BULLETIN BY MR. C. BENSON, M.R.A.C.                              245

A month after planting the fields are hand-weeded, and about a fortnight later a plough is
run between the rows, and the plants are earthed up slightly. Two months after planting
out flowering begins, and then the removal of the male (here as elsewhere termed female) plants
begins. They are cut off near the roots and thrown away. This work goes on continuously
as long as male plants are found.

About February the plant begins to ripen and the harvest commences. It goes on till
the end of March. The plants are cut bodily with the sickle, and are laid out in the field,
where they grow for three days to dry in the sun. On the fourth day they are tied into small
bundles of about ten plants each, and then piled, head and tail, in the field. The
heaps are opened, and the bundles re-piled next day, the process being repeated over
several days. When the quantity to be dealt with is small and space allows, the bundles are
carried to the grower's house and there piled; but in all cases the crop is finally carried to the
house, and a month later the spikes are removed. Each spike is plucked off by hand and then
they are spread out on a hard floor in the open for one night in the dew to soften and become
pliable. In the morning the spikes are collected and stored in large gunny-bags, being packed
closely therein by a man treading them down into the bag. The produce is then ready for
sale, and may be kept for as much as two years.

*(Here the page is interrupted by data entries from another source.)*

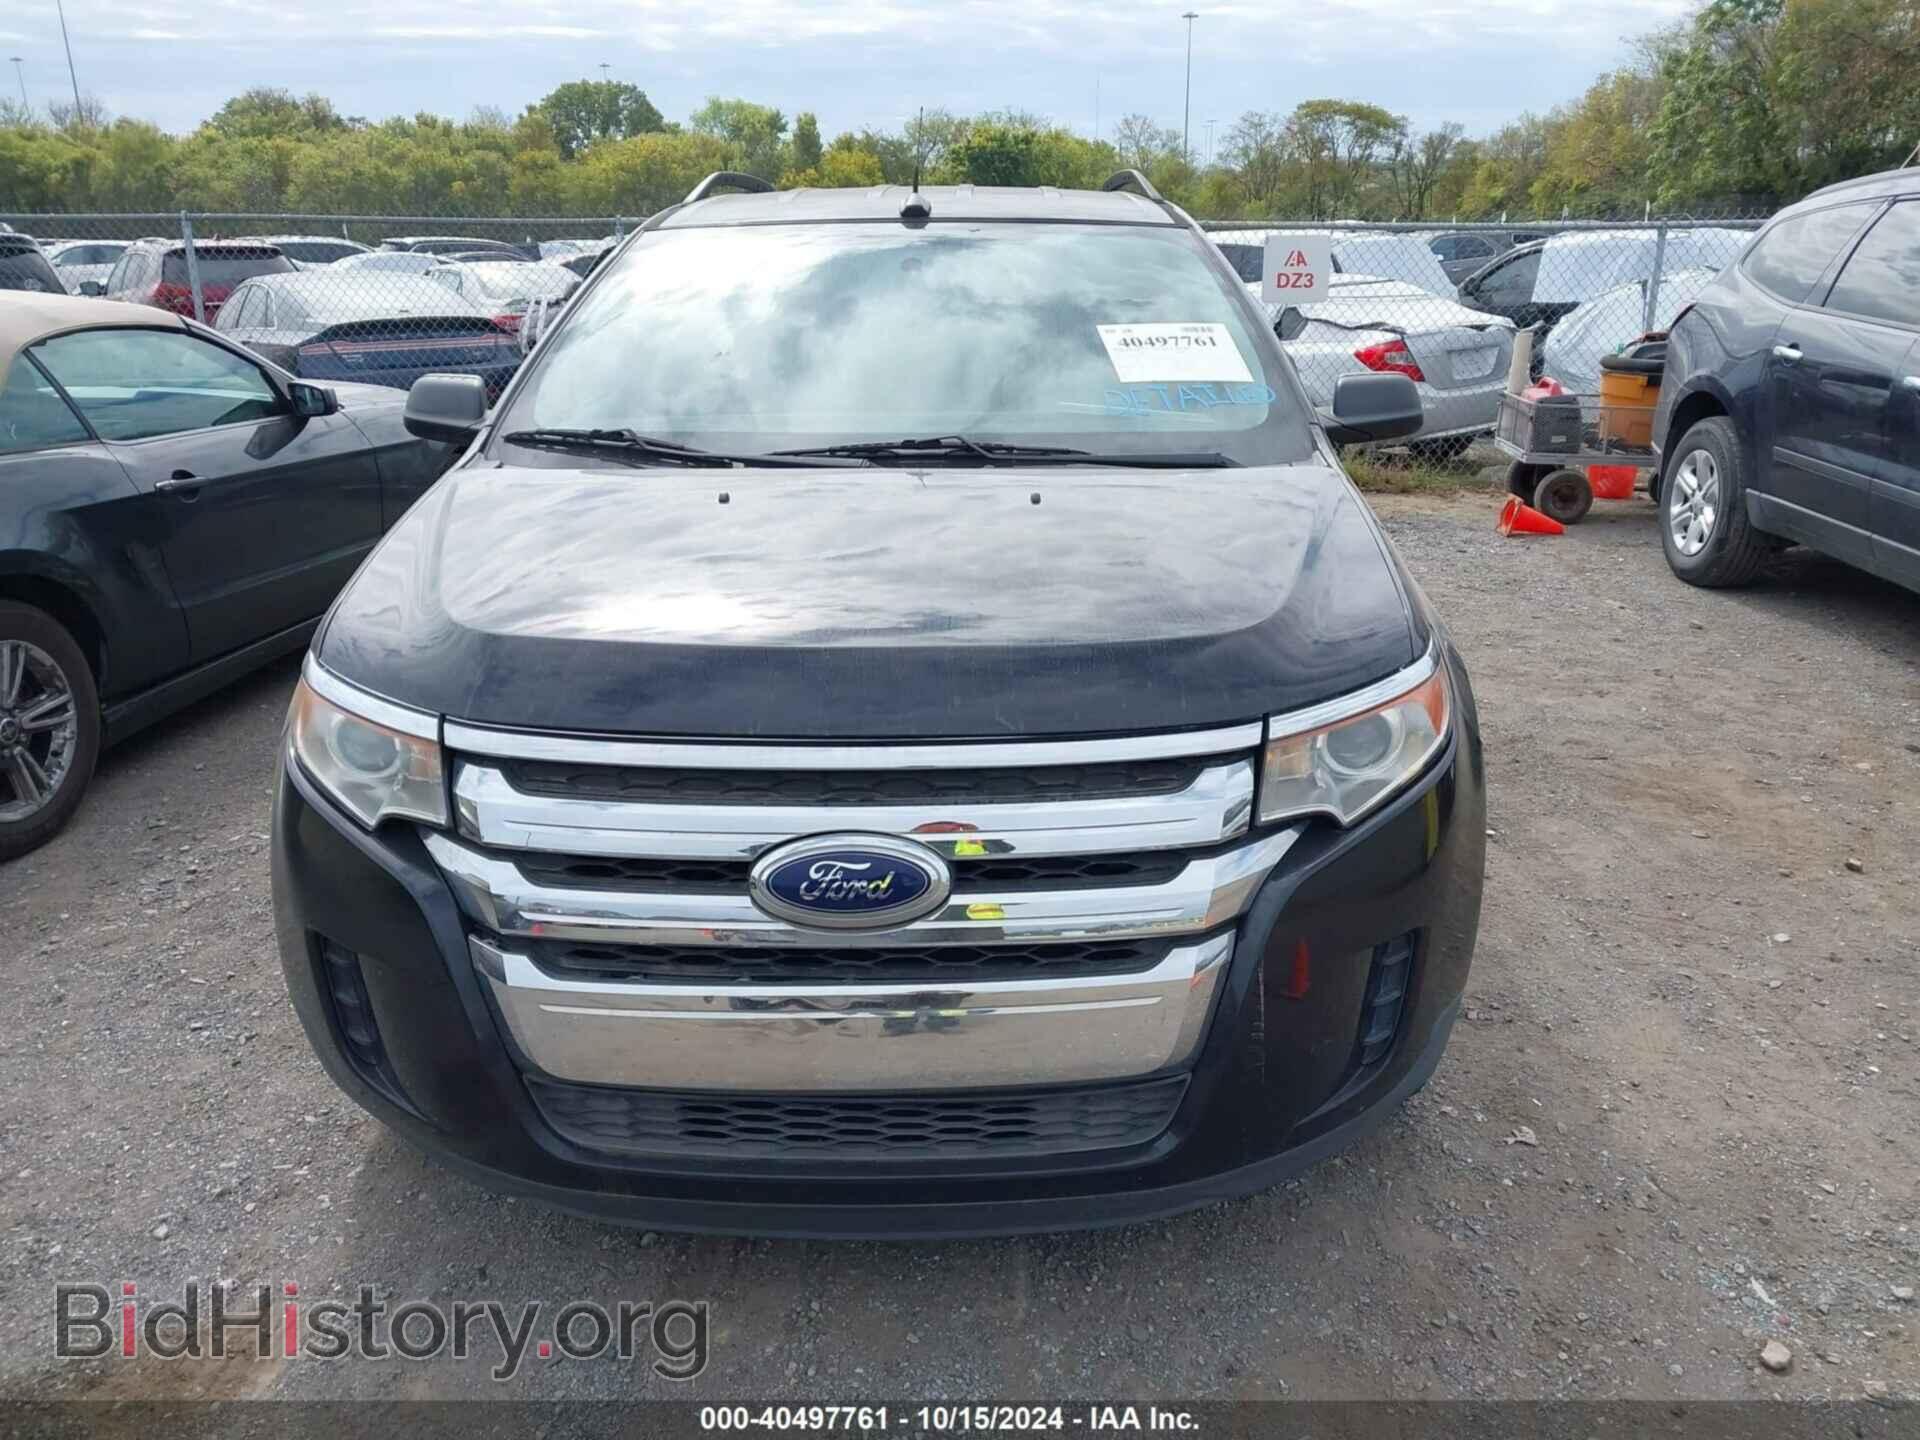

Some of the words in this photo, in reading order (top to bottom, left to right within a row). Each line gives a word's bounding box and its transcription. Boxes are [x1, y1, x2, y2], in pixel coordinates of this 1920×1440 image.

[1276, 272, 1315, 289] DZ3
[1117, 335, 1218, 348] 40497761
[799, 860, 895, 900] Ford
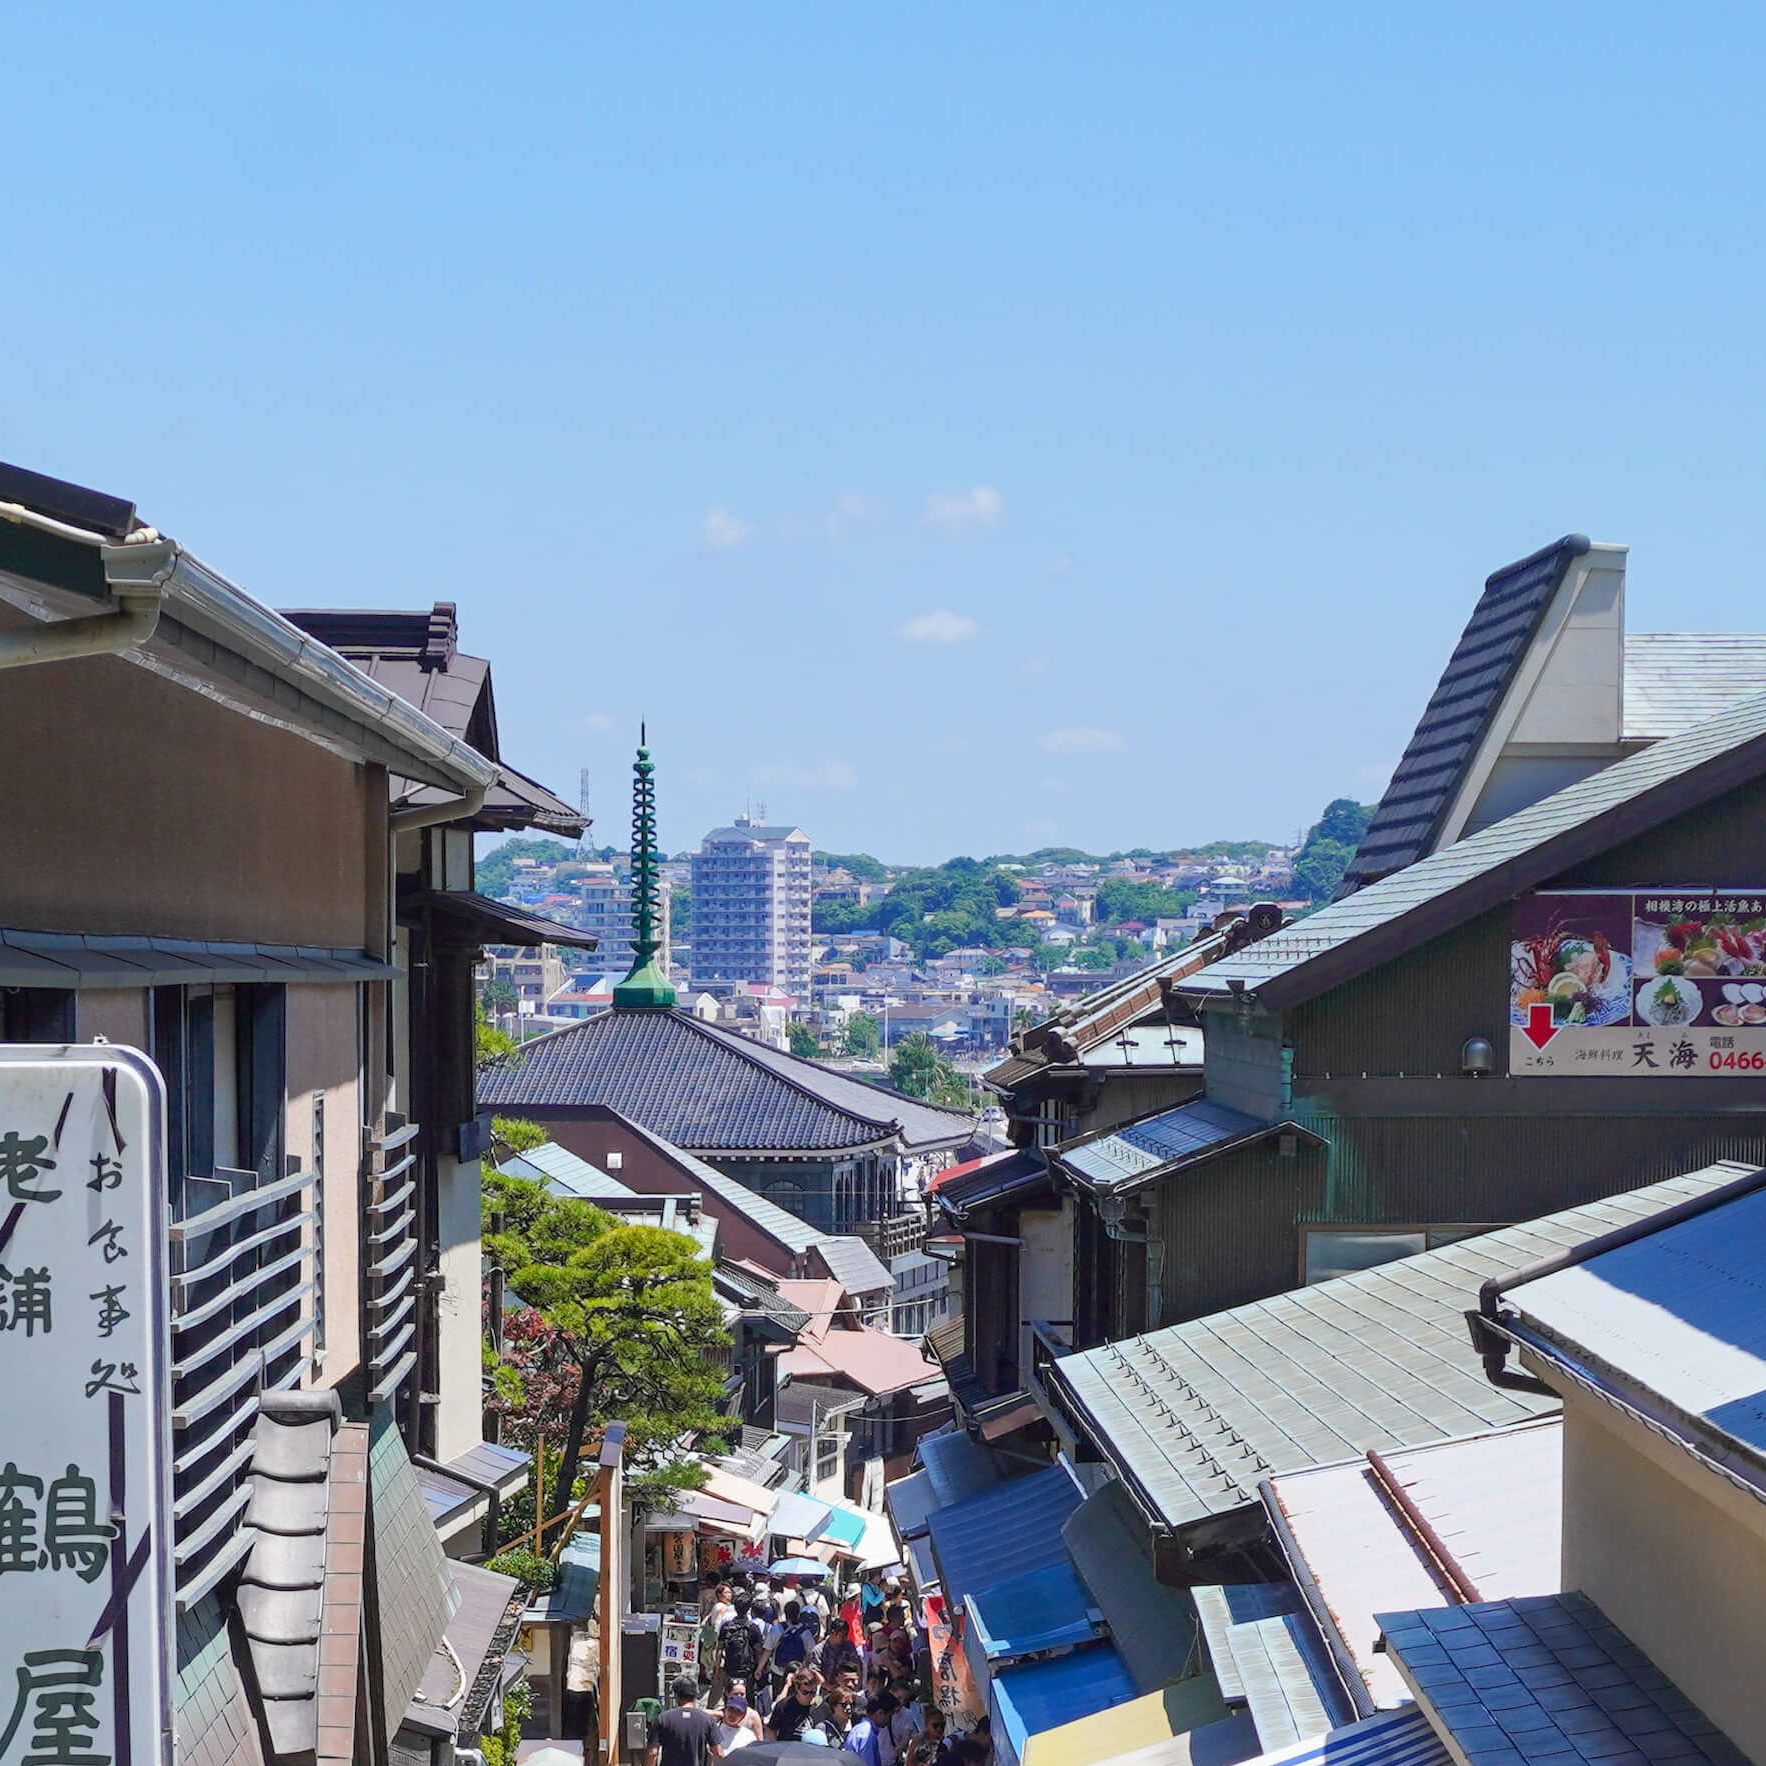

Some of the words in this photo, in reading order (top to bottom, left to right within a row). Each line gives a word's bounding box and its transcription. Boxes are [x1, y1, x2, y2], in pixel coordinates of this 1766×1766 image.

[1709, 1036, 1735, 1049] 電話
[1524, 1056, 1555, 1067] こちら
[1575, 1048, 1624, 1062] 海鮮料理
[1631, 1040, 1699, 1070] 天海
[85, 1151, 142, 1399] お食事処

In both localities it is stated that of late years the area planted with hemp has been reduc-
ed, the price offered for ganja having fallen with the restriction of the demand owing to the
introduction of the system of licensing retail vendors.

A few years ago, the crop was also grown to some extent in one village in the Palivendla
taluk, Cuddapah District, but its growth there has now been abandoned. It was then grown as
a garden crop, in rotation with garden korra (Setaria italica) or garden ragi (Eleusine coracana),
the plants being raised in seed-beds and then planted out. The method of manufacture adopt-
ed there appears to have resembled that still followed in Kistna.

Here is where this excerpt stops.